Another large factor in the Anasazi Empire's collapse was raids from enemy tribes. The Anasazi were found to have been enemies with the Navajo and Apache. Dr. Michael Adler, an archaeologist a Southern Methodist University said, "The Anasazi developed elaborate water catchments. And diverting water may have led to conflict and war"(The Ancient Pueblo). There are also theories that ancient Mexican religious gangs would come in and use cannibalism as a weapon per se. The Anasazi were certainly in no condition to go to war or even have enemies with impending an impending environmental and natural resource downfall. The word Anasazi itself is Navajo, meaning "ancient enemies". The raids by these tribes forced the Anasazi to dwell in rock sheltered villages and ultimately, a famine spread because of the non favorable conditions. Amazingly, these structures had 20-1000 rooms in them showing that the Anasazi were an incredibly capable and intelligent civilization. In addition, the empire's counties were protected by walls to keep out any hostile attacks. However, with difficulty increasing to survive in these villages because of famine and enemies, this lead to a long and treacherous march to present day Mexico. Below is an image of what a settlement looked like.
Big image

Other Environmental Factors

There were more environmental issues besides drought that contributed to the fall of the Anasazi empire. To name a few, there was soil erosion and fertility issues, deforestation, over fishing and over hunting. Like previously stated, rain was an unpredictable and limited resource in the Anasazi region. Since there was a lack of rain, soil became dry, hard and infertile leaving farmers at a loss on what to do. Additionally, after moving to cliff villages, agriculture became the main economic activity and with these environmental conditions becoming increasingly worse, the only way to survive was migrate somewhere else where rain was more plentiful. Deforestation was also an issue. Without rain, the trees died of lack of water. This deforestation caused two more problems in that trees act as barriers to slow water when it rains so without trees, water would run rapid creating soil erosion. Trees also capture water vapor and evaporate it off their branches so without trees, there was even less rain. All these environmental effects together created a harsh, inhabitable living environment. On top of this, due to over population, there was much more hunting and fishing going on. This increase lead to a depletion of the food resources an overall bad situation for the Anasazi. Looking at all the factors that contributed to the downfall of Anasazi, the problems piggybacked off each other. No rain caused environmental problems which caused famine and ultimately led to the disappearance and migration of the Anasazi. The environment and it's resources played a huge role in the fall of the Anasazi empire.
Big image
This is what the landscape of the Anasazi region looked like.


Works Cited

"Anasazi Culture." American History. ABC-CLIO, 2014. Web. 28 Feb. 2014.
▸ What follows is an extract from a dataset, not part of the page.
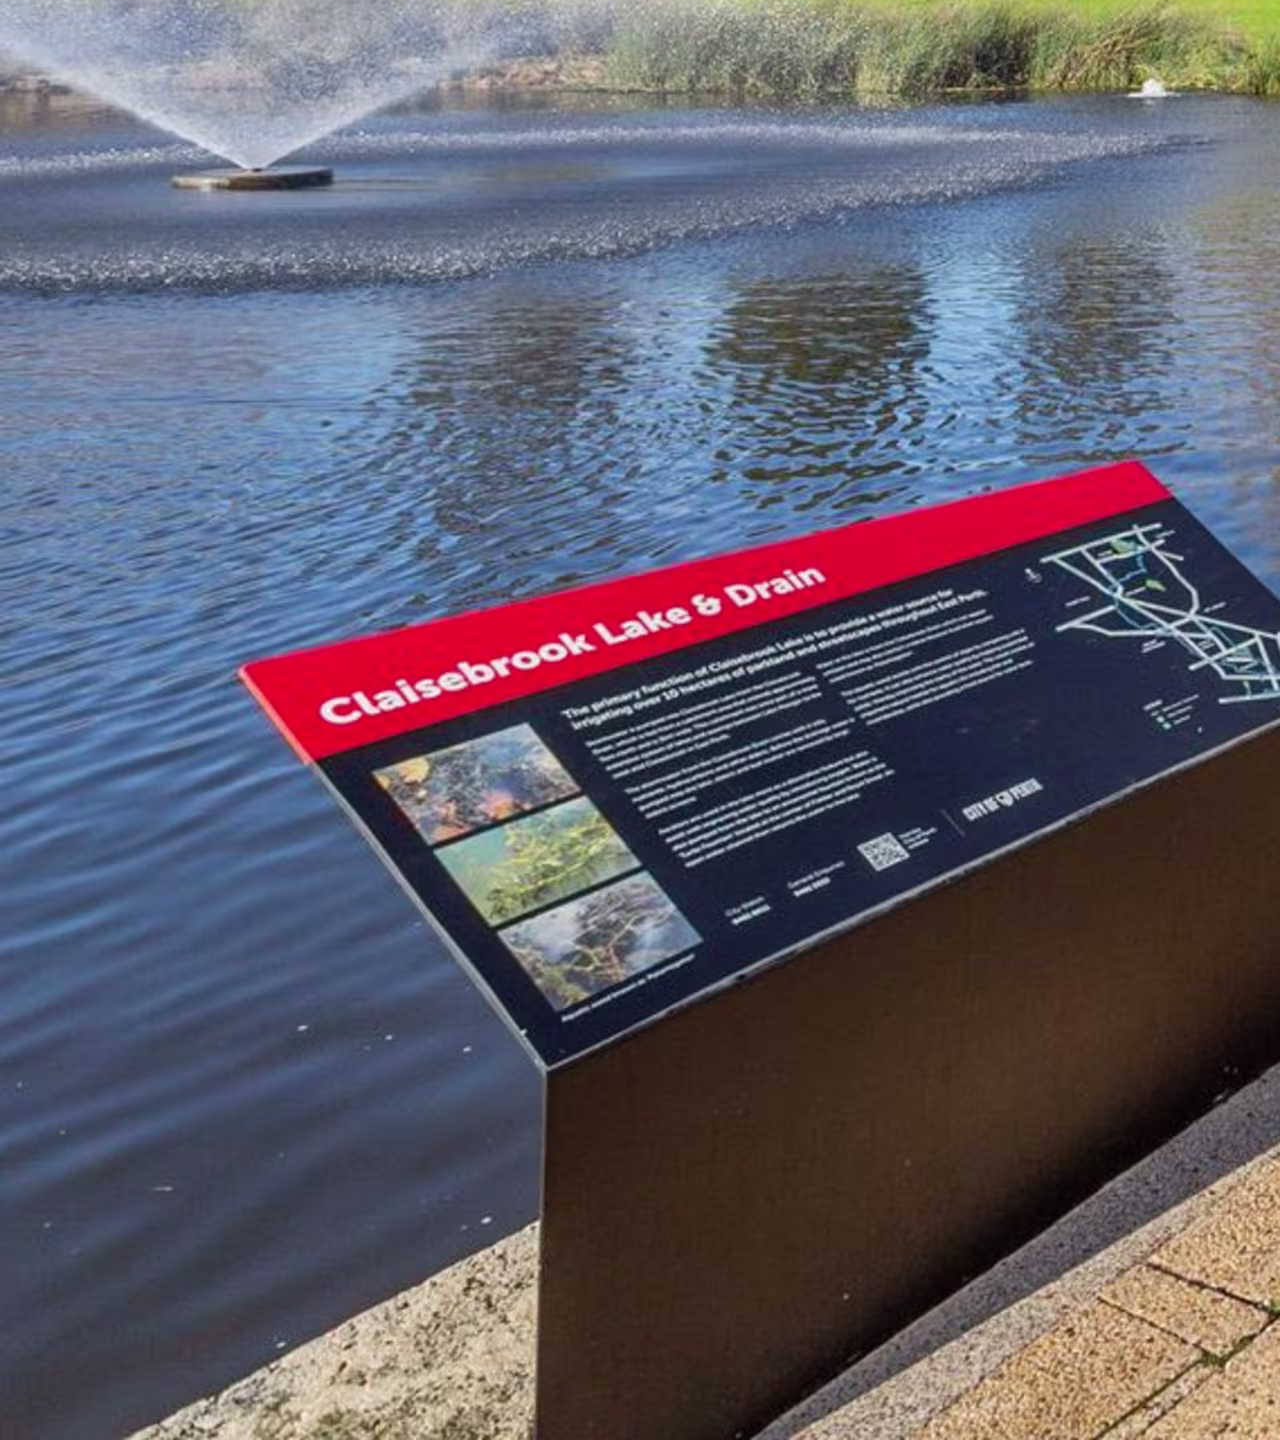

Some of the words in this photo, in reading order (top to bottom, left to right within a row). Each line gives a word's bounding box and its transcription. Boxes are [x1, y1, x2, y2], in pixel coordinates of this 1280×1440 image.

"The Ancient Pueblo." The Ancient Pueblo. American University, n.d. Web. 27 Feb. 2014.

"Collapse: Chaco Canyon." Collapse: Chaco Canyon. N.p., n.d. Web. 27 Feb. 2014.

Diamond, Jared M. Collapse: How Societies Choose to Fail or Succeed. New York: Viking, 2005. Print.

The Editors of Encyclopædia Britannica. "Ancestral Pueblo Culture (North American Indian Culture)." Encyclopedia Britannica Online. Encyclopedia Britannica, n.d. Web. 27 Feb. 2014.

Johnson, George. "Vanished: A Pueblo Mystery." The New York Times. The New York Times, 07 Apr. 2008. Web. 27 Feb. 2014.